Most of modern medicine is designed to answer a population-level question: What is safe and effective for millions of people? Radence is different. We determine what is best for you, based on everything we know today.
By the time a clinical guideline is published and implemented, the underlying evidence may already be five to ten years old. Medical committees move slowly because they must balance safety, liability, cost, and applicability across broad populations.
We apply evidence to individuals before guidelines catch up.
Our members undergo comprehensive cardiovascular, metabolic, genomic, imaging, and cancer screening assessments that generate a far richer understanding of their individual risk than guideline committees typically consider. That additional information changes what we can act on.
The Radence Framework Behind Every Recommendation
Our recommendations are based on four inputs:
- Evidence quality: what the clinical literature, trials, and real-world data show today.
- Risk-benefit profile: the magnitude of potential upside relative to the likelihood and severity of harm.
- Expert alignment: how leading physicians and specialists interpret the evidence and where consensus is emerging.
- Member applicability: how well an intervention fits your biology, risk factors, goals, and willingness to adopt.
TechAtlas, RA Capital’s research group of PhDs and MDs, continuously evaluates these four inputs to develop individualized recommendations.
How We Evaluate Emerging Evidence
When evaluating new therapies, diagnostics, and preventive interventions, we start with the strongest available clinical data: large randomized controlled trials designed to determine whether an intervention truly causes a meaningful outcome.
We also evaluate:
- Analyses of group trials
- Prospective cohort studies that track defined groups over time
- Retrospective analyses of existing data
- Case series
- Mechanistic and preclinical research
Each type of evidence contributes differently to understanding benefit, risk, and biological plausibility. Most importantly, we do not review evidence on a fixed schedule.
New publications, conference presentations, and clinical trial results are continuously evaluated as they emerge. The objective is to understand what today’s evidence supports for a member with a specific risk profile.
We Use a Risk-Proportionate Threshold
The most important decision in any clinical framework is determining how much evidence is enough to act. Radence answers that question differently than guideline bodies do by applying a risk-proportionate threshold:
- Lower-risk interventions with meaningful potential upside may justify action earlier.
- Higher-risk interventions require substantially stronger evidence before they are recommended.
Consider three examples:
- A whole-body MRI carries no radiation exposure and relatively low risk, while potentially identifying disease before symptoms develop. Because the downside is relatively low, emerging evidence may be sufficient to support its use in appropriately selected individuals.

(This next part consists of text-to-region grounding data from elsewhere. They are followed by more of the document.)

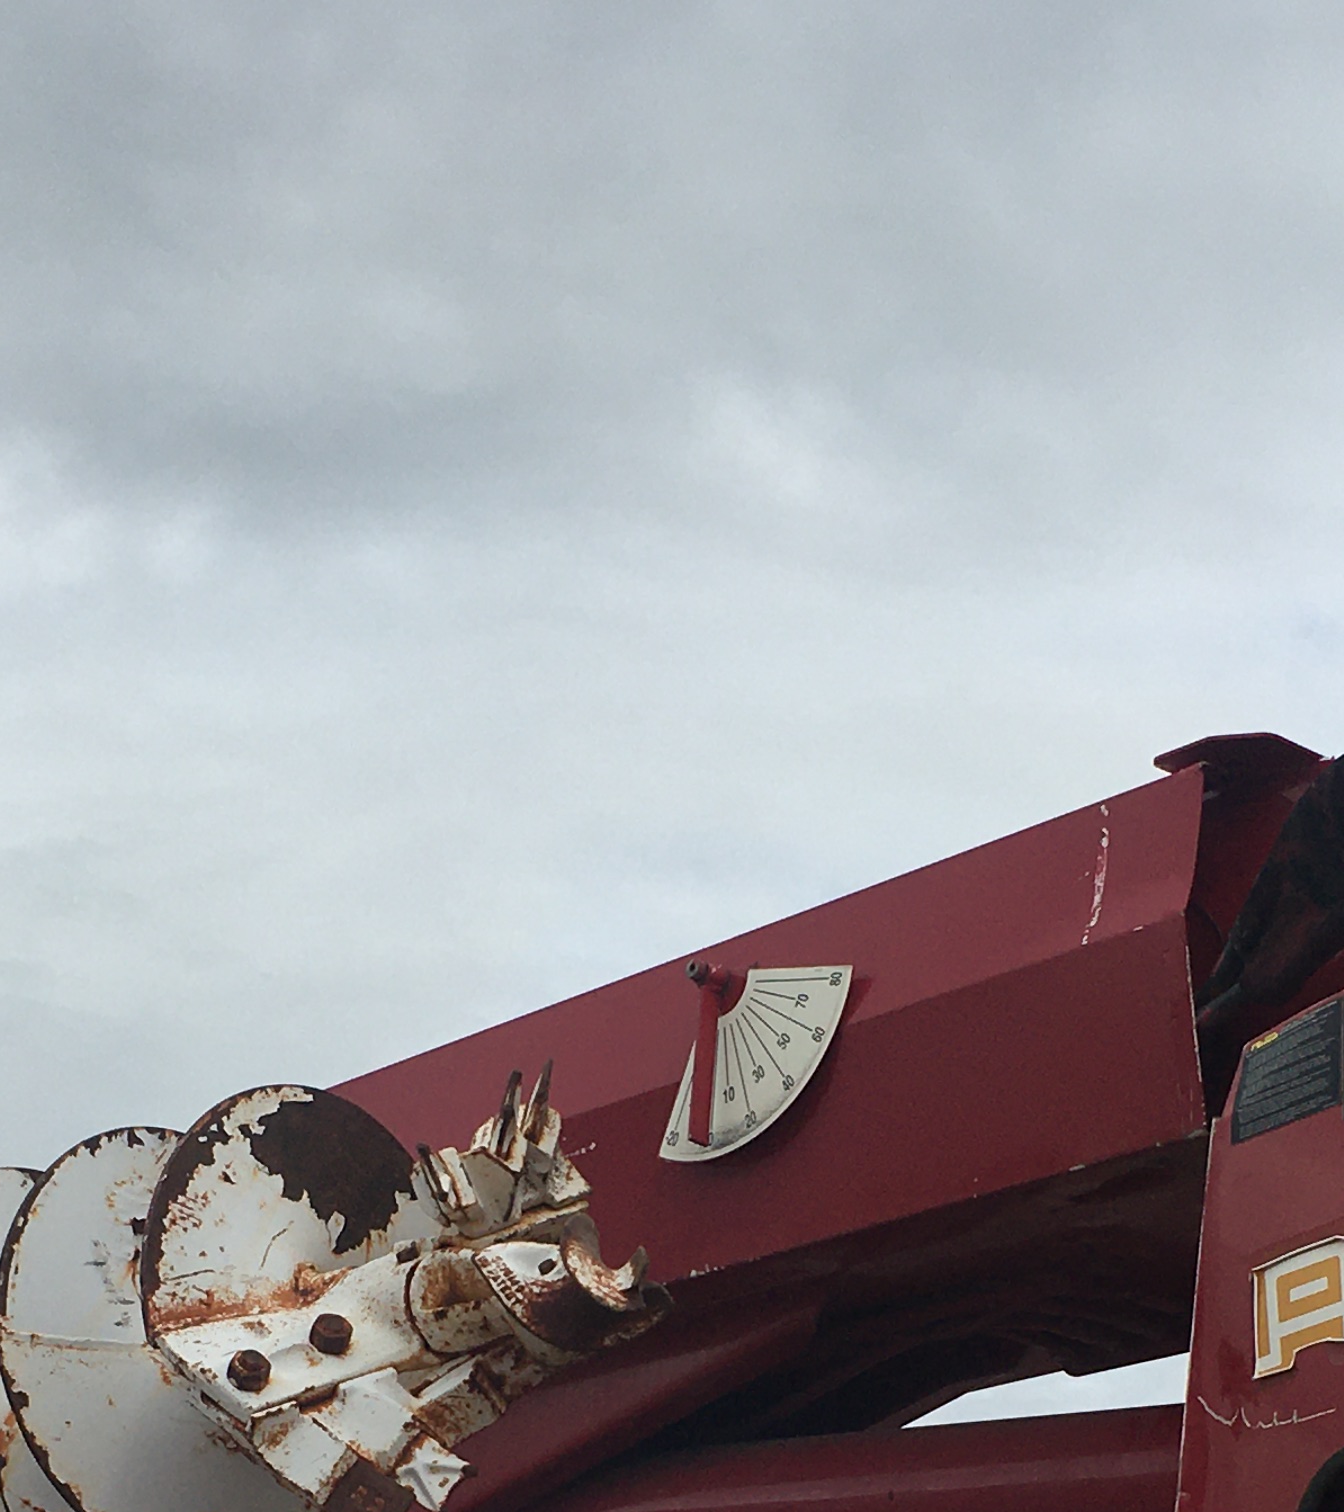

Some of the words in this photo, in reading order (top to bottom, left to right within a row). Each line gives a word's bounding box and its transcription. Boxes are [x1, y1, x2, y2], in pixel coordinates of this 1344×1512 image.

[829, 972, 842, 986] 80
[795, 994, 809, 1009] 70
[777, 1033, 790, 1050] 50
[812, 1027, 825, 1042] 60
[752, 1065, 765, 1083] 30
[782, 1075, 795, 1092] 40
[723, 1087, 735, 1103] 10
[745, 1111, 757, 1128] 20

- While a DEXA scan has some low-level radiation exposure, it is not zero. The benefit in identifying bone density issues before a fracture occurs, however, could be clinically significant and worthwhile, particularly in individuals with risk factors for osteoporosis, such as sedentary lifestyles and nutritional deficiencies.
- Scans such as Coronary CT angiography (CCTA) carry additional considerations, including radiation exposure, intravenous contrast, and potentially medication to optimize physiological parameters for imaging quality requirements. It can, however, provide a detailed assessment of soft and calcified coronary plaque burden.
Applying the same evidentiary standard to all three scenarios would be a mistake. Precision medicine requires matching the strength of evidence to the risk of action.
Why Expert Judgment Matters
Published evidence is necessary but rarely sufficient on its own.
Leading physicians often identify meaningful shifts in a field before those shifts appear in formal guidelines. Their interpretation of emerging evidence, real-world experience, and understanding of downstream effects provide critical context.
This is where our research network becomes particularly valuable. We continuously evaluate emerging biomedical evidence and maintain relationships with leading experts across cardiology, neurology, oncology, endocrinology, and precision diagnostics.
When experts independently converge on the same interpretation of new evidence, confidence increases. When experts disagree, that disagreement itself becomes important information. Consensus among experts doesn’t replace evidence. It helps contextualize it.
Precision Medicine Requires a Different Standard
Traditional clinical guidelines are designed for populations. Radence is designed for individuals. When we have access to whole-genome sequencing, advanced imaging, metabolic and cardiovascular phenotyping, cancer screening, health data tracked over time, we can evaluate emerging therapies in the context of your unique biology rather than a population average.
This requires a more demanding standard of interpretation, not a lower one. The evidence must be strong enough to support an individualized decision, not just a population recommendation. The result is a standard of care that evolves at the pace of scientific discovery rather than waiting for consensus to catch up.